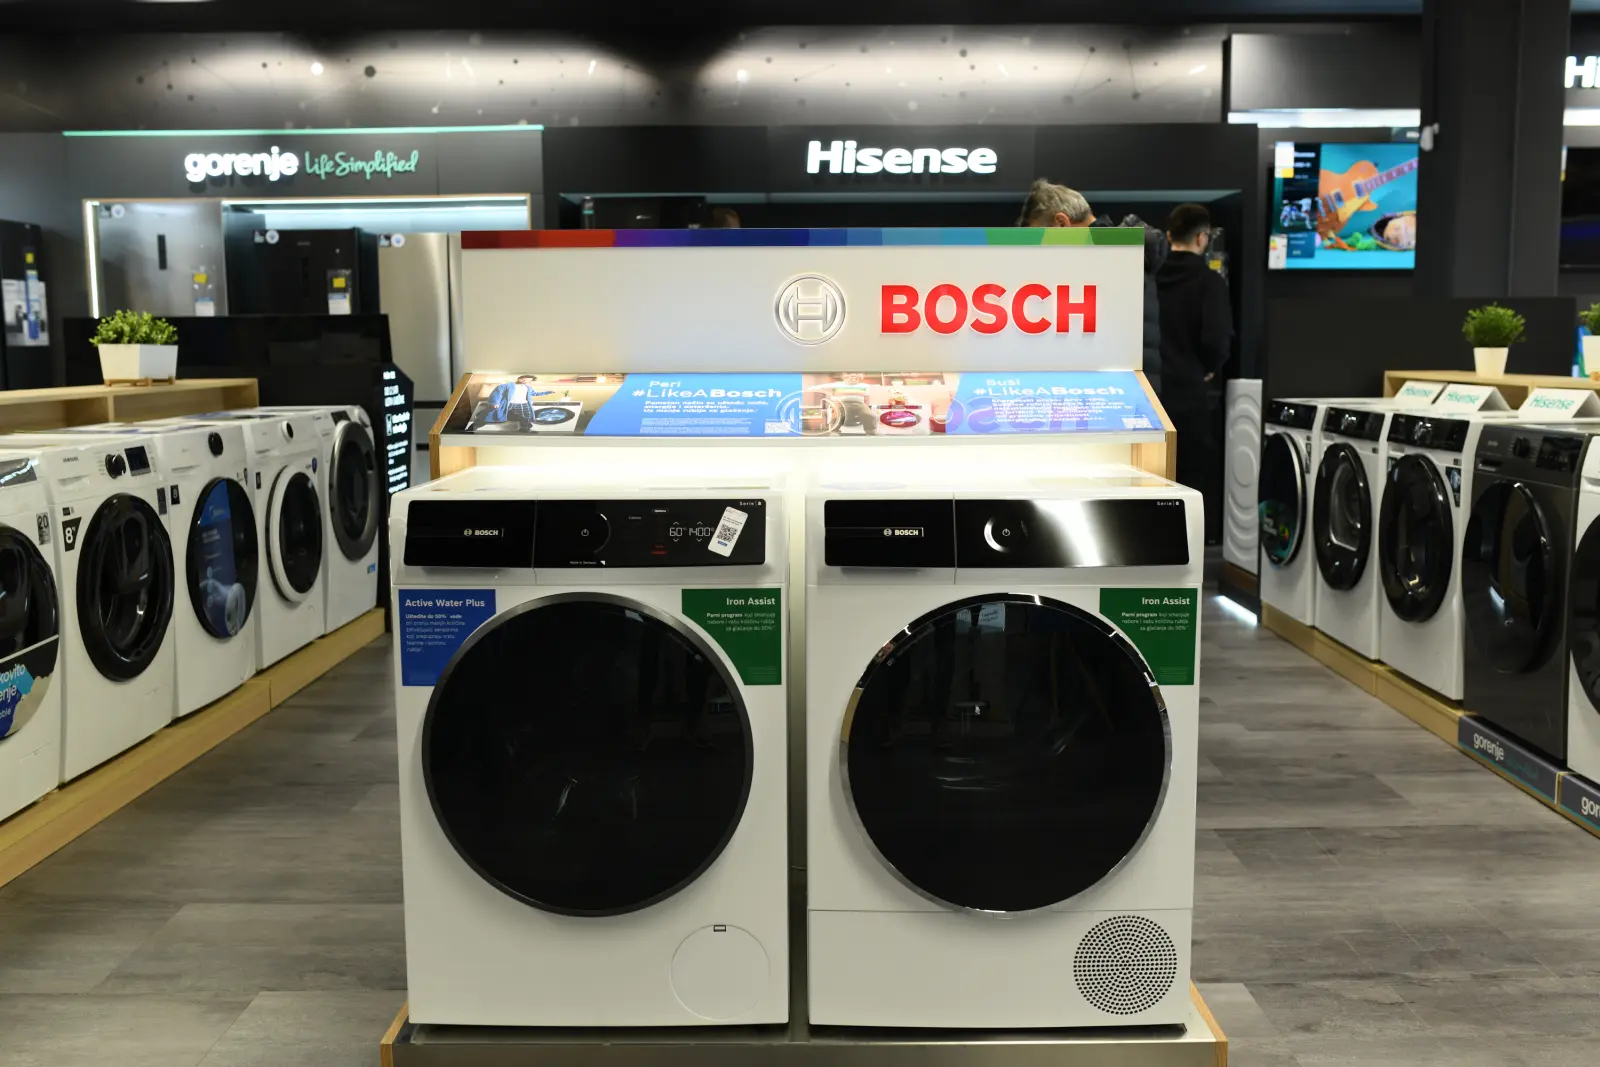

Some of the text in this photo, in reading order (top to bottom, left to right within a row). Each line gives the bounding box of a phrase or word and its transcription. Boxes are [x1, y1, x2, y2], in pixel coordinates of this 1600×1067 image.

[184, 146, 299, 183] gorenje
[806, 140, 998, 174] Hisense
[881, 283, 1097, 335] BOSCH
[632, 388, 782, 398] #LikeABosch
[974, 386, 1125, 396] #LikeABosch
[1529, 395, 1575, 411] Hisense
[37, 514, 49, 531] 20
[65, 527, 74, 544] 8
[688, 526, 711, 537] 1400
[405, 599, 485, 607] Active Water Plus
[726, 596, 776, 606] Iron Assist
[1142, 596, 1191, 605] Iron Assist
[1473, 733, 1505, 761] gorenje
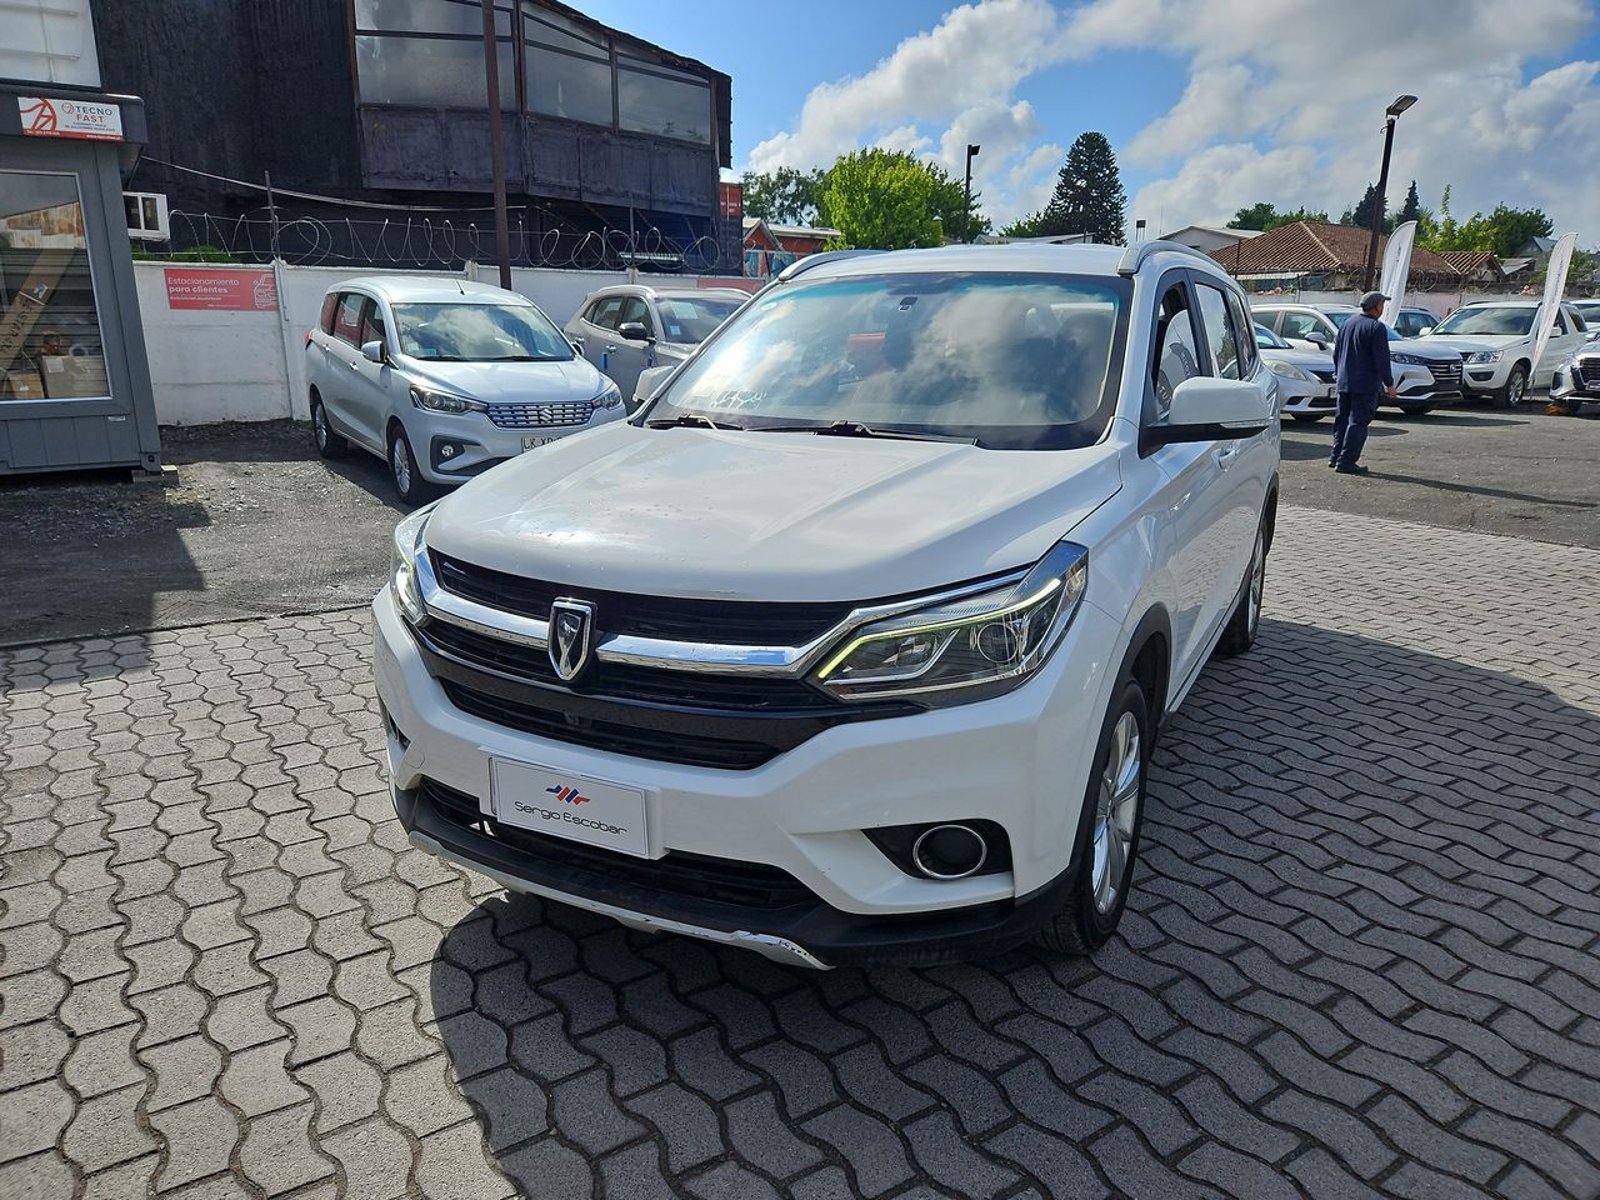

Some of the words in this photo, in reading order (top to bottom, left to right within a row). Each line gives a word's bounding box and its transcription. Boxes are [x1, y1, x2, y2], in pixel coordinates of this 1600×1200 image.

[75, 105, 113, 116] TECNO
[76, 114, 105, 123] FAST
[167, 276, 240, 286] Estacionamiento
[169, 286, 191, 294] para
[192, 285, 229, 294] clientes
[563, 812, 628, 834] Escobar
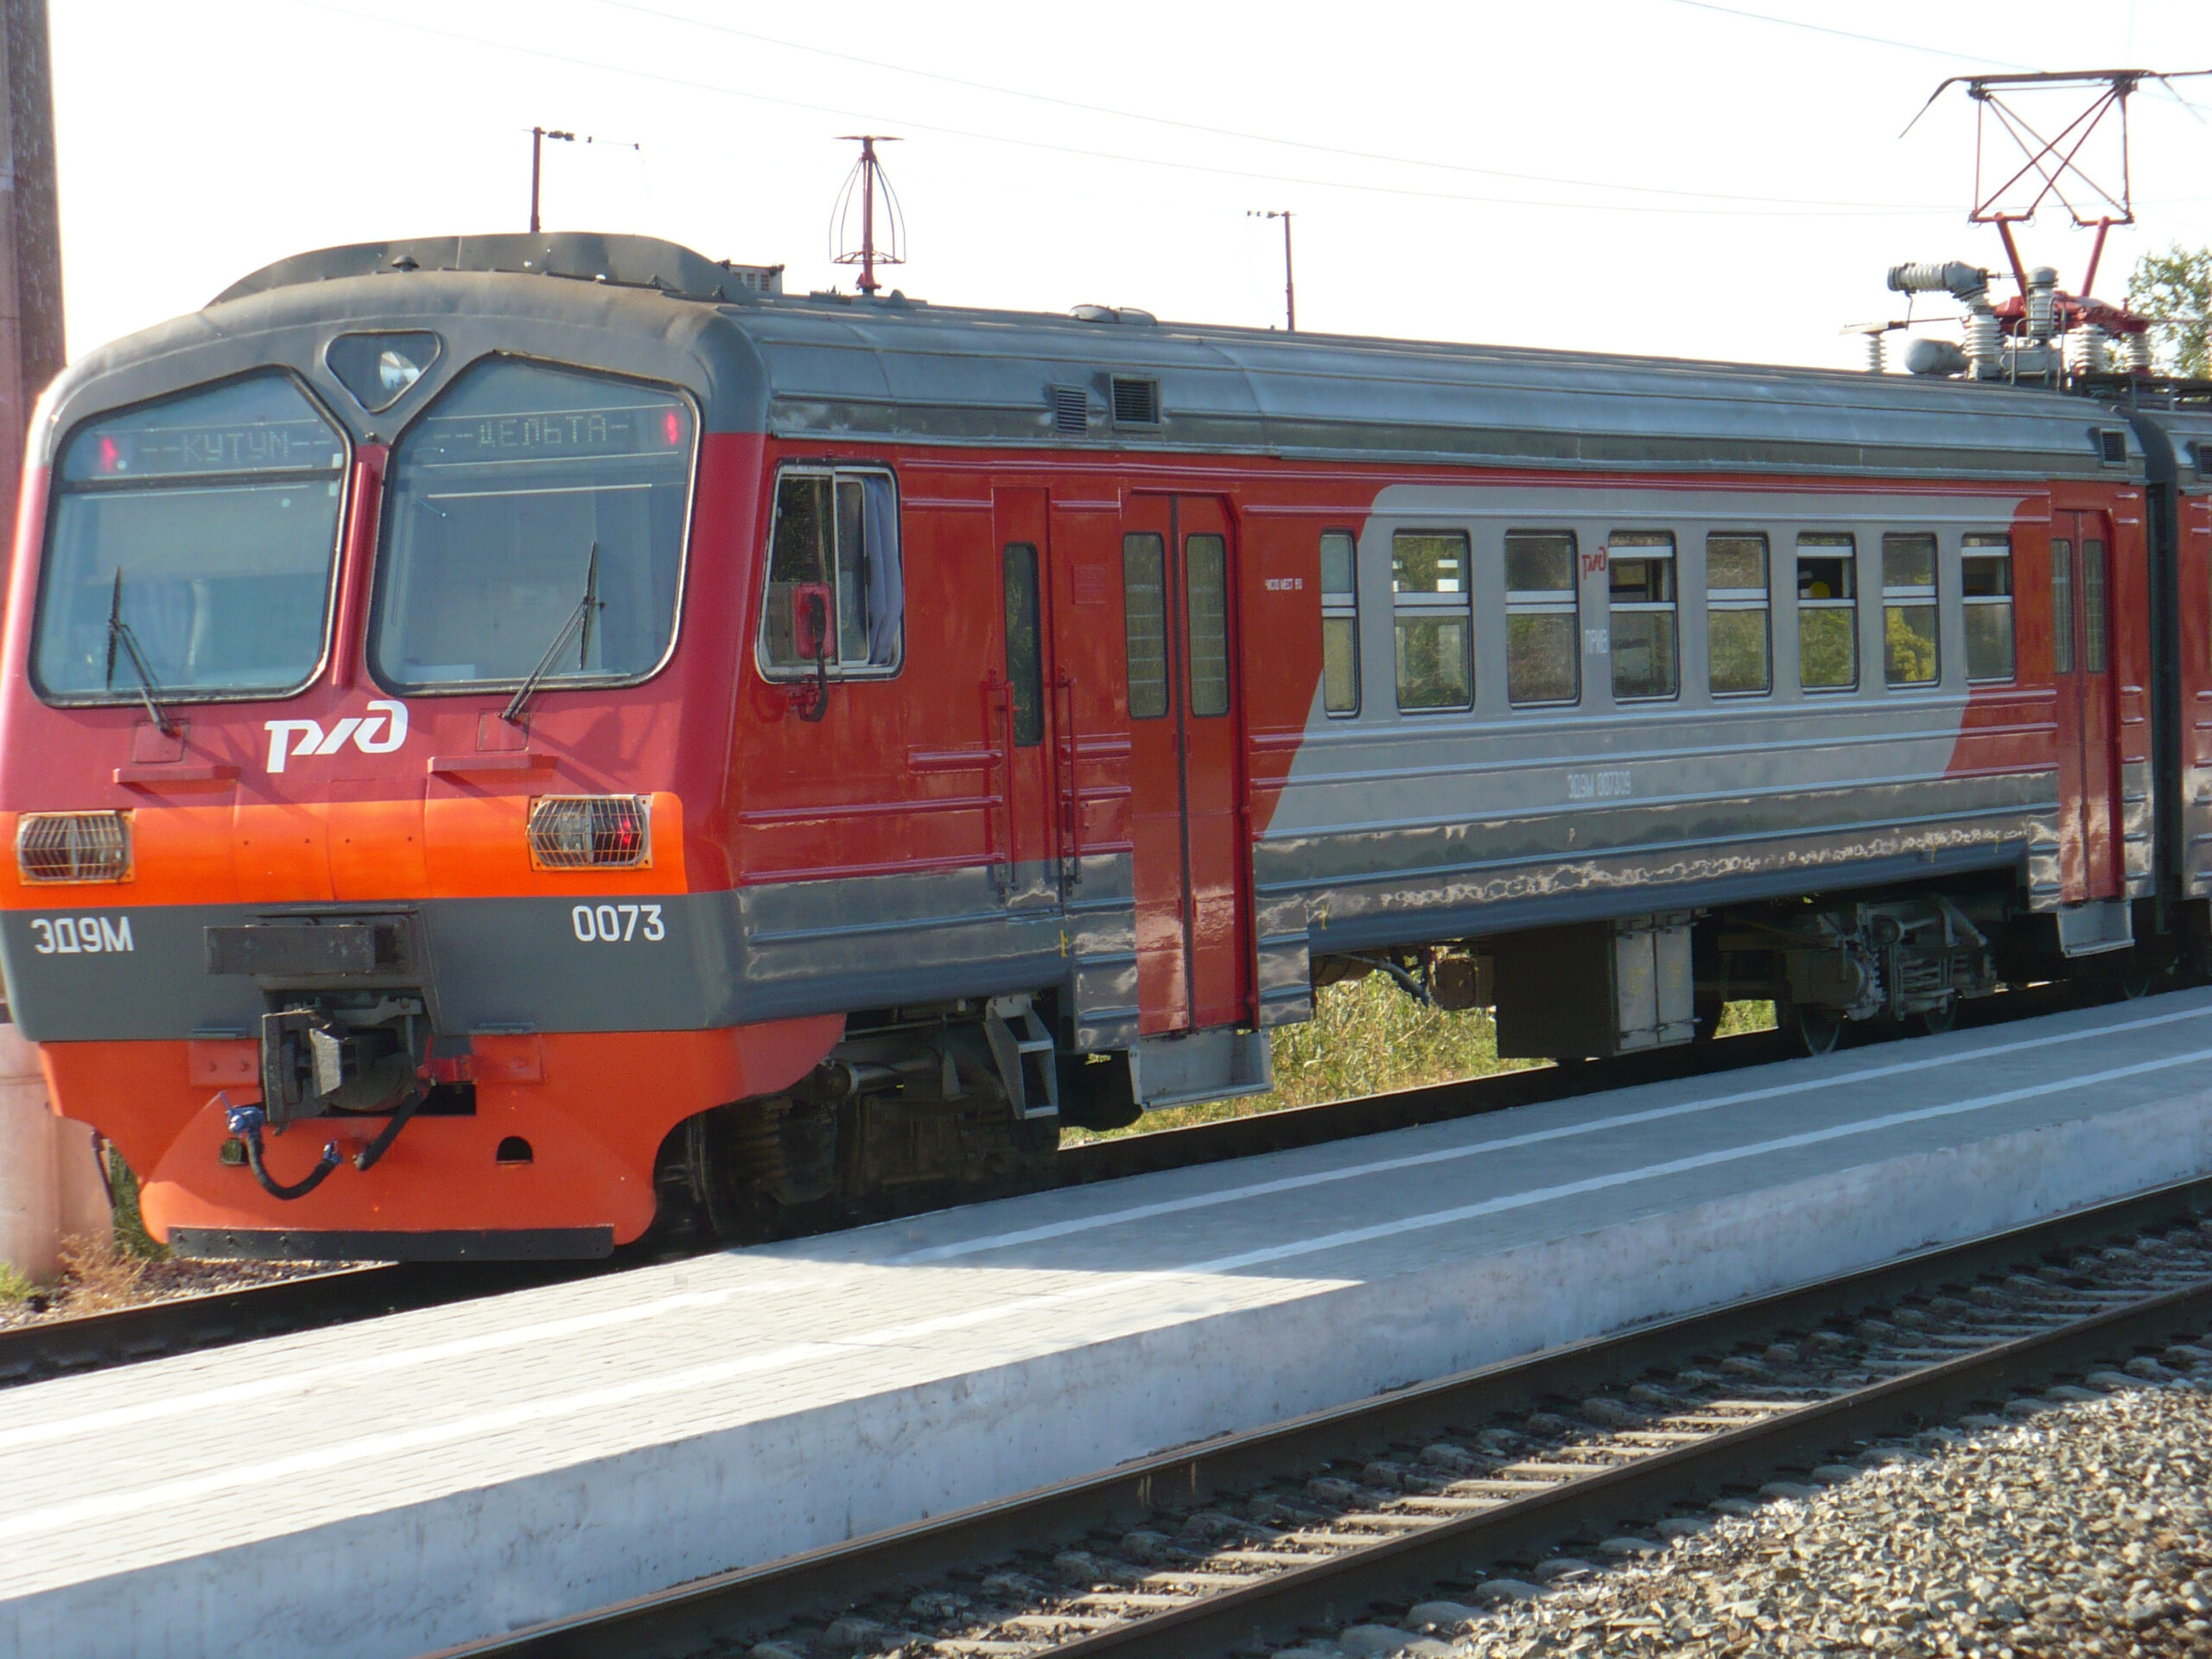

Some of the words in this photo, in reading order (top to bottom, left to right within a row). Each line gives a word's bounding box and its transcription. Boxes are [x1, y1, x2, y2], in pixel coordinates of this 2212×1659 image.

EXERCISE DETAILS> Omit the pictures and set down the records exactly.

SOLVED PROBLEM>
Some of the text in this photo, in reading order (top to bottom, left to right within a row). Each line gives the bounding box of a phrase or word and its transcription. Boxes are [x1, y1, x2, y2], in pixel coordinates of this 1600×1067 image.

[184, 146, 299, 183] gorenje
[806, 140, 998, 174] Hisense
[881, 283, 1097, 335] BOSCH
[632, 388, 782, 398] #LikeABosch
[974, 386, 1125, 396] #LikeABosch
[1529, 395, 1575, 411] Hisense
[37, 514, 49, 531] 20
[65, 527, 74, 544] 8
[688, 526, 711, 537] 1400
[405, 599, 485, 607] Active Water Plus
[726, 596, 776, 606] Iron Assist
[1142, 596, 1191, 605] Iron Assist
[1473, 733, 1505, 761] gorenje

Some of the words in this photo, in reading order (top to bottom, left to right within a row). Each line gives a word's bounding box and its transcription. Boxes are [x1, y1, x2, y2], in pixel coordinates of this 1600×1200 image.

[75, 105, 113, 116] TECNO
[76, 114, 105, 123] FAST
[167, 276, 240, 286] Estacionamiento
[169, 286, 191, 294] para
[192, 285, 229, 294] clientes
[563, 812, 628, 834] Escobar

Some of the words in this photo, in reading order (top to bottom, left to right within a row). Each line gives a word's bounding box and its transcription. Boxes are [x1, y1, x2, y2], in pixel coordinates of this 2212×1659 image.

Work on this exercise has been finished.